What is required
Keep images out and repeat all data exactly.

Saved entries
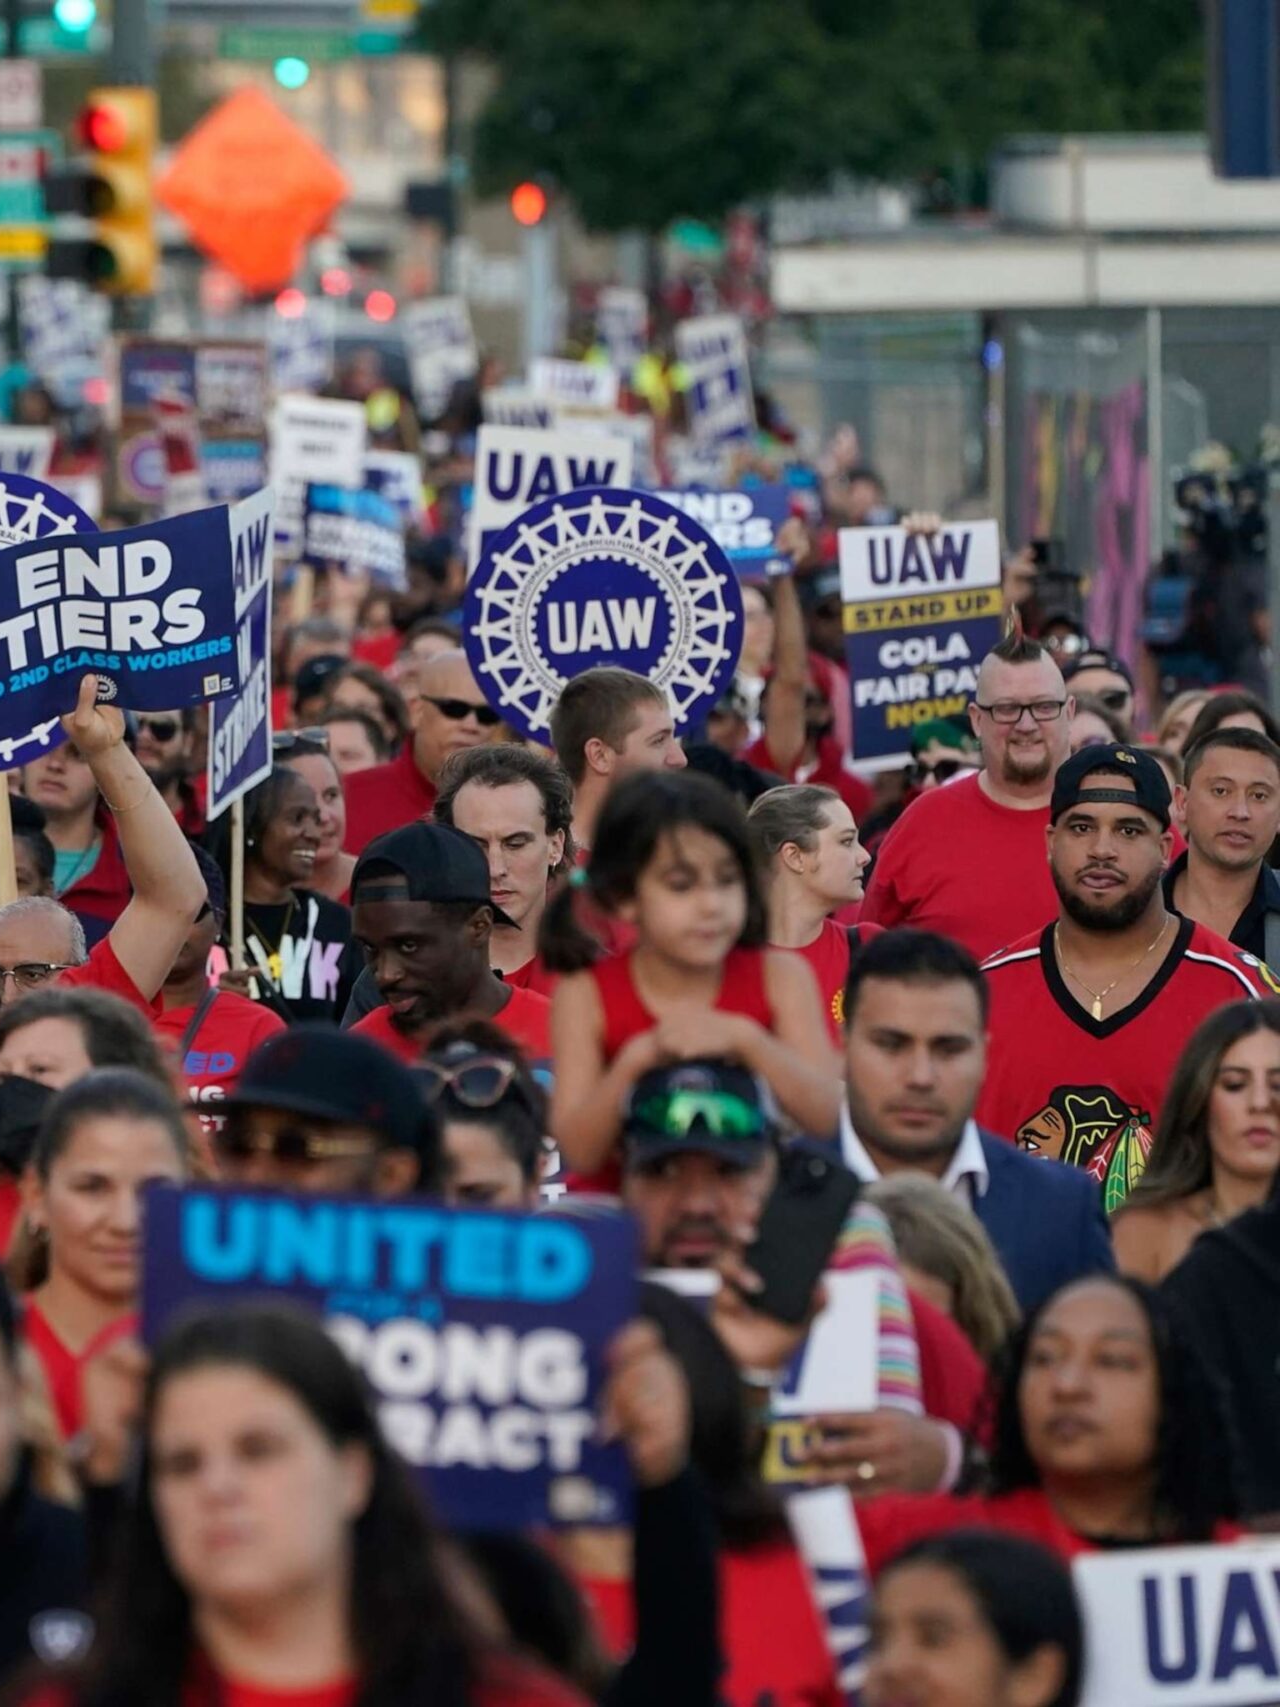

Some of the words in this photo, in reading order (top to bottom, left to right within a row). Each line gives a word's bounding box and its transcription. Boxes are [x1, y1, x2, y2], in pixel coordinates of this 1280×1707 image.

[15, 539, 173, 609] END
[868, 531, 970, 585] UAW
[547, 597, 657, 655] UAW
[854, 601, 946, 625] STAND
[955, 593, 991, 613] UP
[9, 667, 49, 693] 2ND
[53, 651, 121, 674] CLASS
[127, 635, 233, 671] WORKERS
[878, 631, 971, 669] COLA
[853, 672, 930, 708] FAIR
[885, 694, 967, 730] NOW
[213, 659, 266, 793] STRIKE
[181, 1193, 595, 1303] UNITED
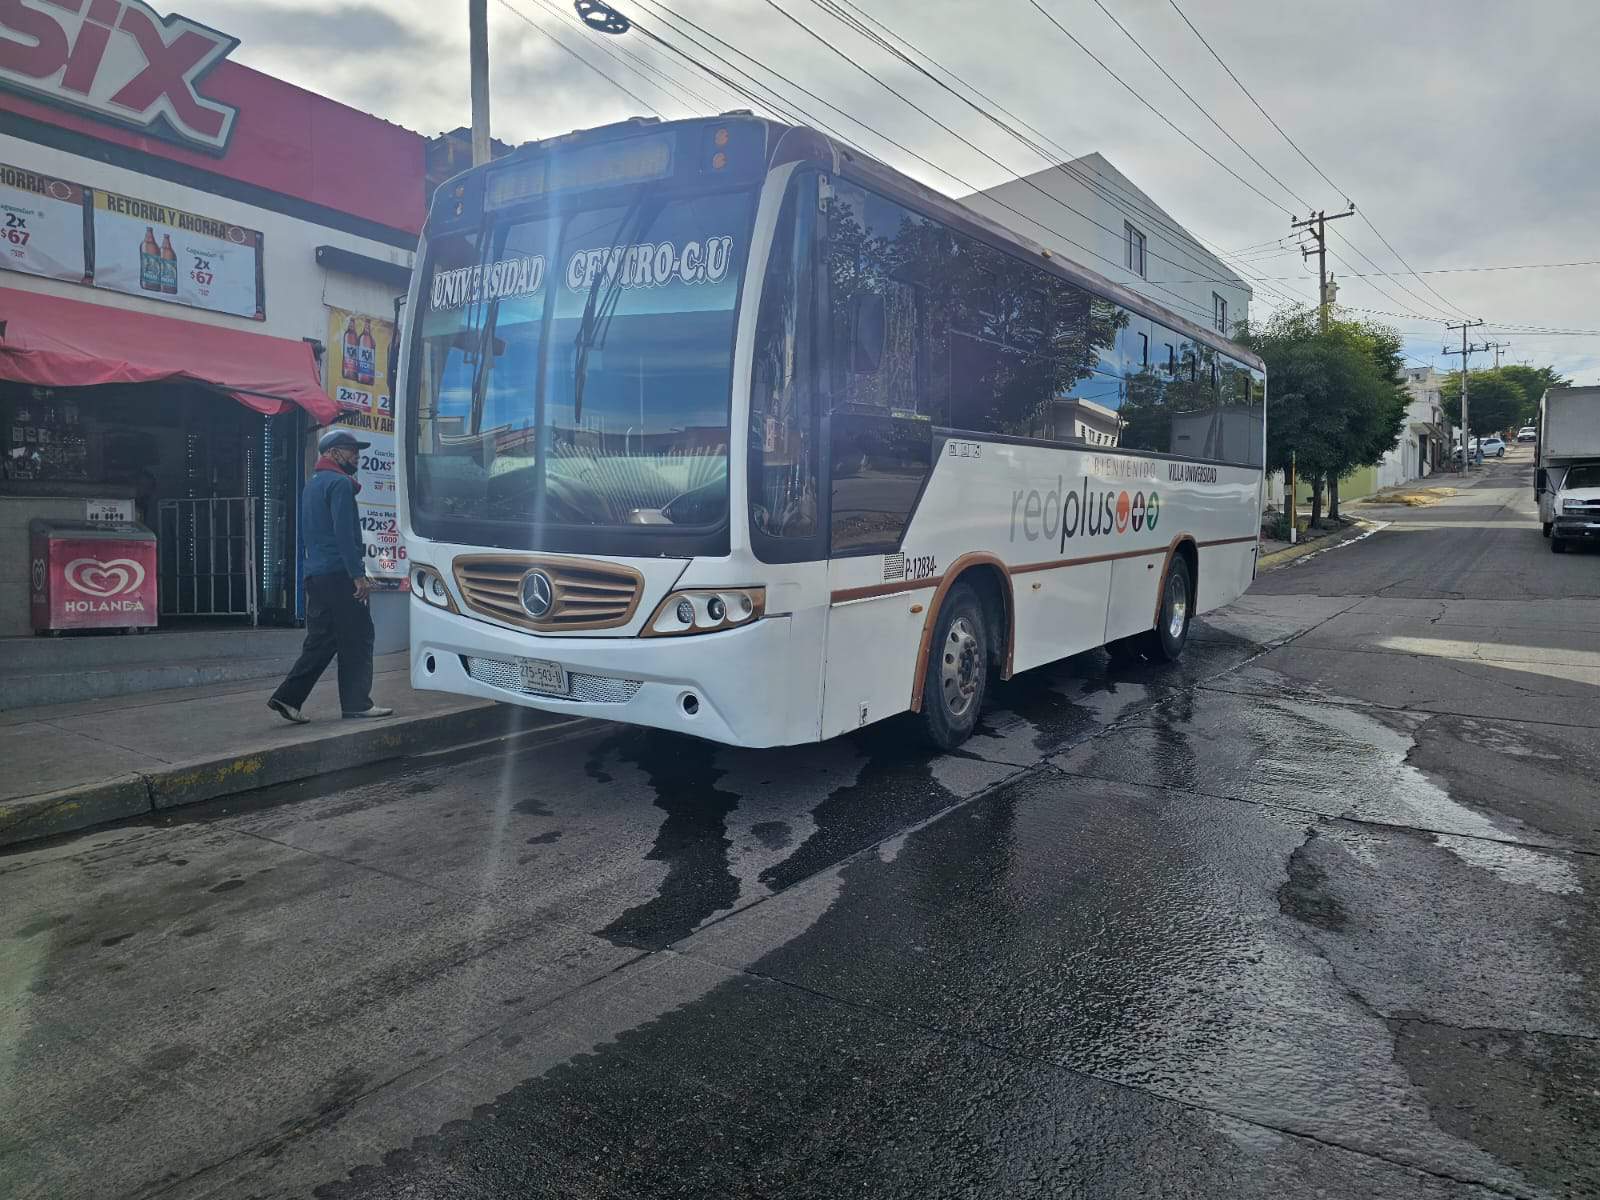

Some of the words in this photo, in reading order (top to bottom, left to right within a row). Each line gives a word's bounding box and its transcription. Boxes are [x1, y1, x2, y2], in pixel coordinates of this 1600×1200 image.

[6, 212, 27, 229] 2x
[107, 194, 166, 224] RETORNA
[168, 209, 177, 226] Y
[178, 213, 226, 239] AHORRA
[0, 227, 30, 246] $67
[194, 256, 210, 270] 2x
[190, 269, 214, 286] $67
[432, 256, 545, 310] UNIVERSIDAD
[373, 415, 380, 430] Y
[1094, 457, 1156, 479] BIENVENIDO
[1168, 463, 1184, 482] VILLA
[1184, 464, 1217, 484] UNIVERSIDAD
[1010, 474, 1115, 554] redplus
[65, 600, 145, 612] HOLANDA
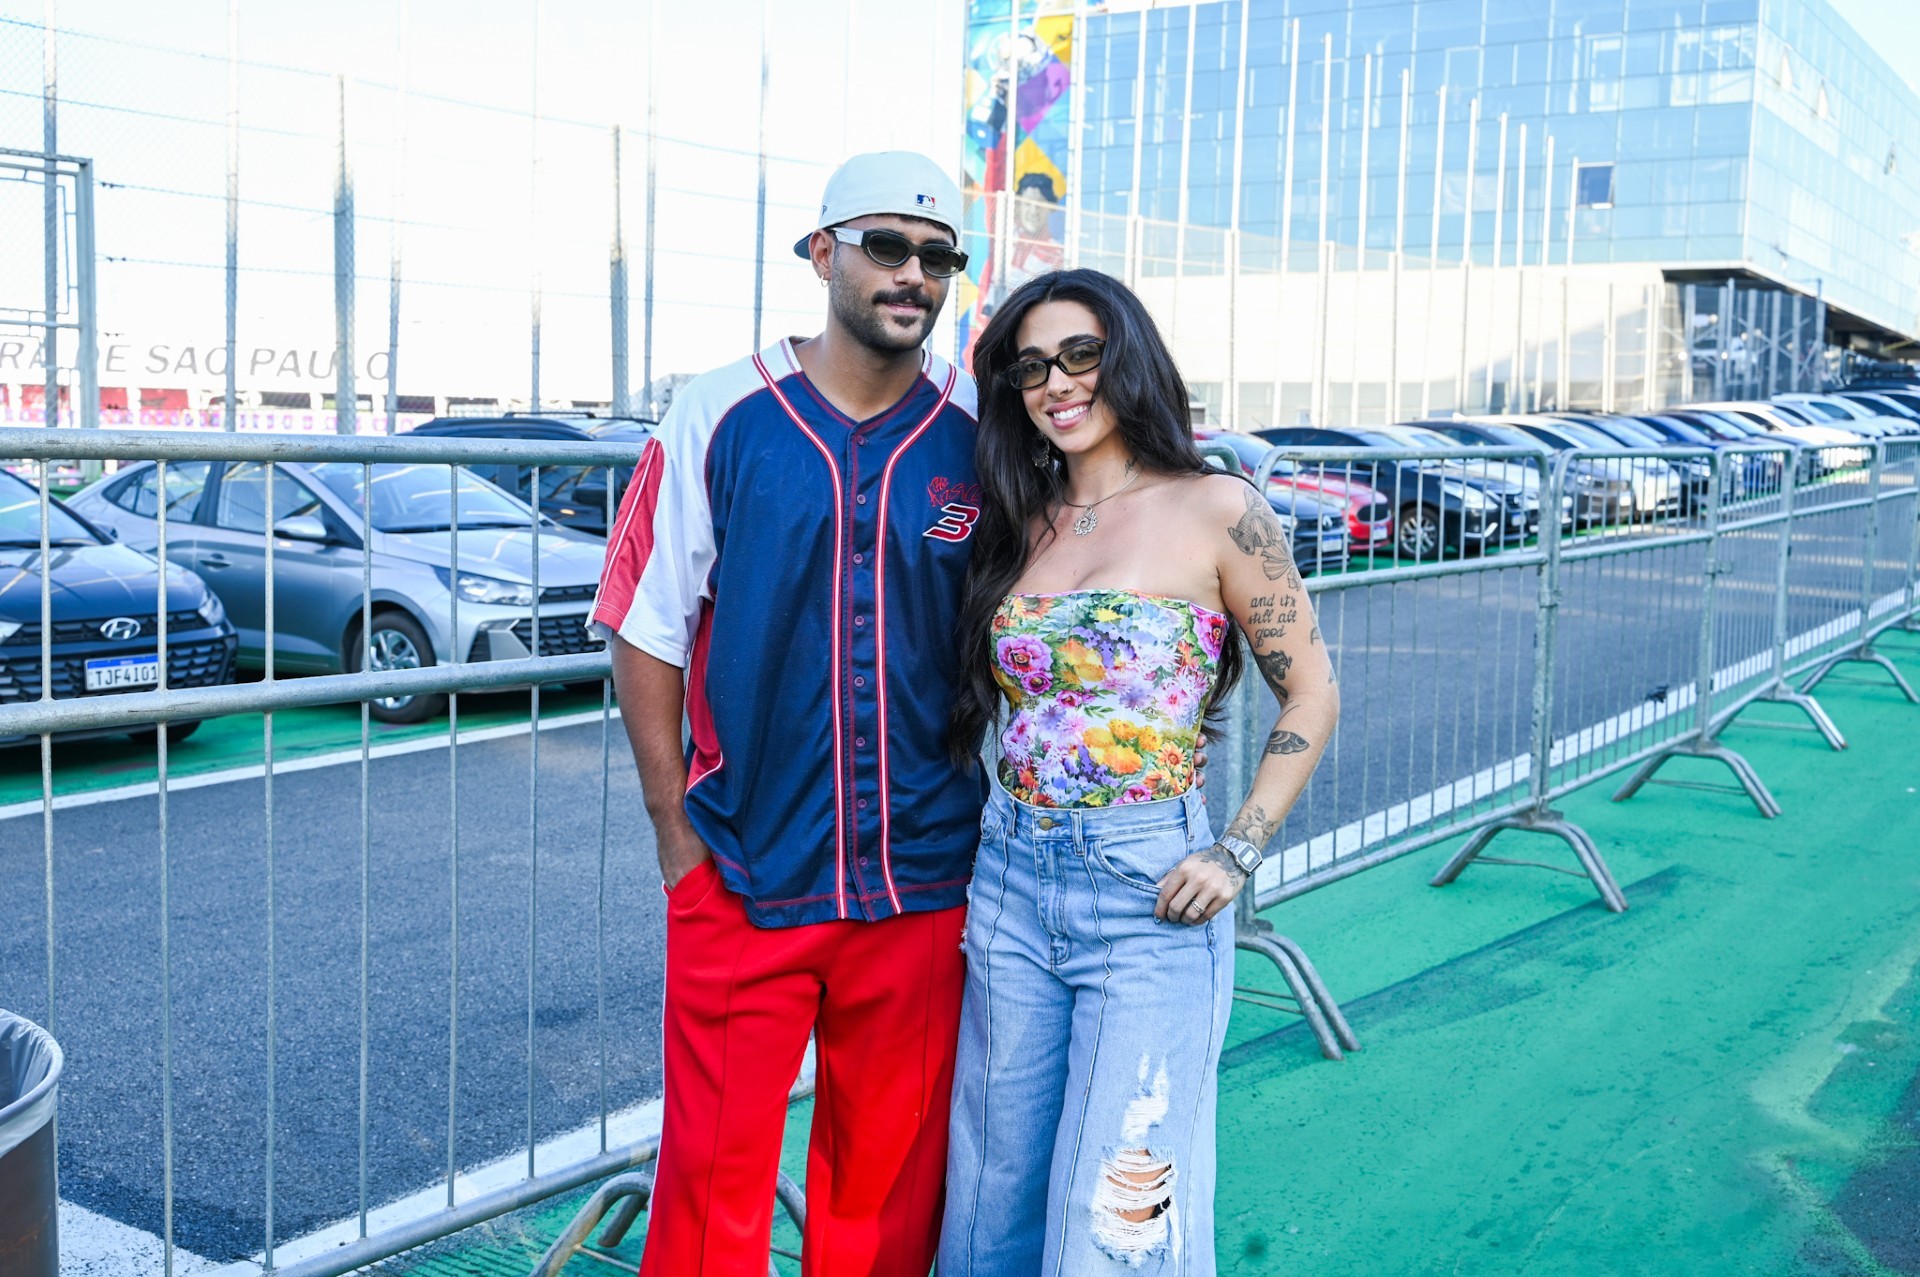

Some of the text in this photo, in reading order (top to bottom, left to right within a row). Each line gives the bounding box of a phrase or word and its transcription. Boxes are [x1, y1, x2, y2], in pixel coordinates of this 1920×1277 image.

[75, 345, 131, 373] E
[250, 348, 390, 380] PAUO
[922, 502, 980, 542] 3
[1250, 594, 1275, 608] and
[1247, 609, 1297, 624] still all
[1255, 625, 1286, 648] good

Result below
Some of the words in this photo, in reading order (top to bottom, left to right within a row). Each line gives a word's bounding box and its transcription. Boxes are [x1, y1, x2, y2], in pixel coordinates of this 1280×1707 image.

[15, 539, 173, 609] END
[868, 531, 970, 585] UAW
[547, 597, 657, 655] UAW
[854, 601, 946, 625] STAND
[955, 593, 991, 613] UP
[9, 667, 49, 693] 2ND
[53, 651, 121, 674] CLASS
[127, 635, 233, 671] WORKERS
[878, 631, 971, 669] COLA
[853, 672, 930, 708] FAIR
[885, 694, 967, 730] NOW
[213, 659, 266, 793] STRIKE
[181, 1193, 595, 1303] UNITED

Some of the words in this photo, in reading order (top to bottom, left to right within a row). Each line gives a word's bounding box and its transcription. Boxes are [x1, y1, x2, y2], in pixel coordinates of this 1600×1200 image.

[6, 212, 27, 229] 2x
[107, 194, 166, 224] RETORNA
[168, 209, 177, 226] Y
[178, 213, 226, 239] AHORRA
[0, 227, 30, 246] $67
[194, 256, 210, 270] 2x
[190, 269, 214, 286] $67
[432, 256, 545, 310] UNIVERSIDAD
[373, 415, 380, 430] Y
[1094, 457, 1156, 479] BIENVENIDO
[1168, 463, 1184, 482] VILLA
[1184, 464, 1217, 484] UNIVERSIDAD
[1010, 474, 1115, 554] redplus
[65, 600, 145, 612] HOLANDA

Some of the text in this photo, in reading order (top to bottom, left to right within a row). Each line gives the bounding box of a phrase or word and its transcription. Boxes are [x1, y1, x2, y2], in pixel coordinates of this 1920×1277 image.

[75, 345, 131, 373] E
[250, 348, 390, 380] PAUO
[922, 502, 980, 542] 3
[1250, 594, 1275, 608] and
[1247, 609, 1297, 624] still all
[1255, 625, 1286, 648] good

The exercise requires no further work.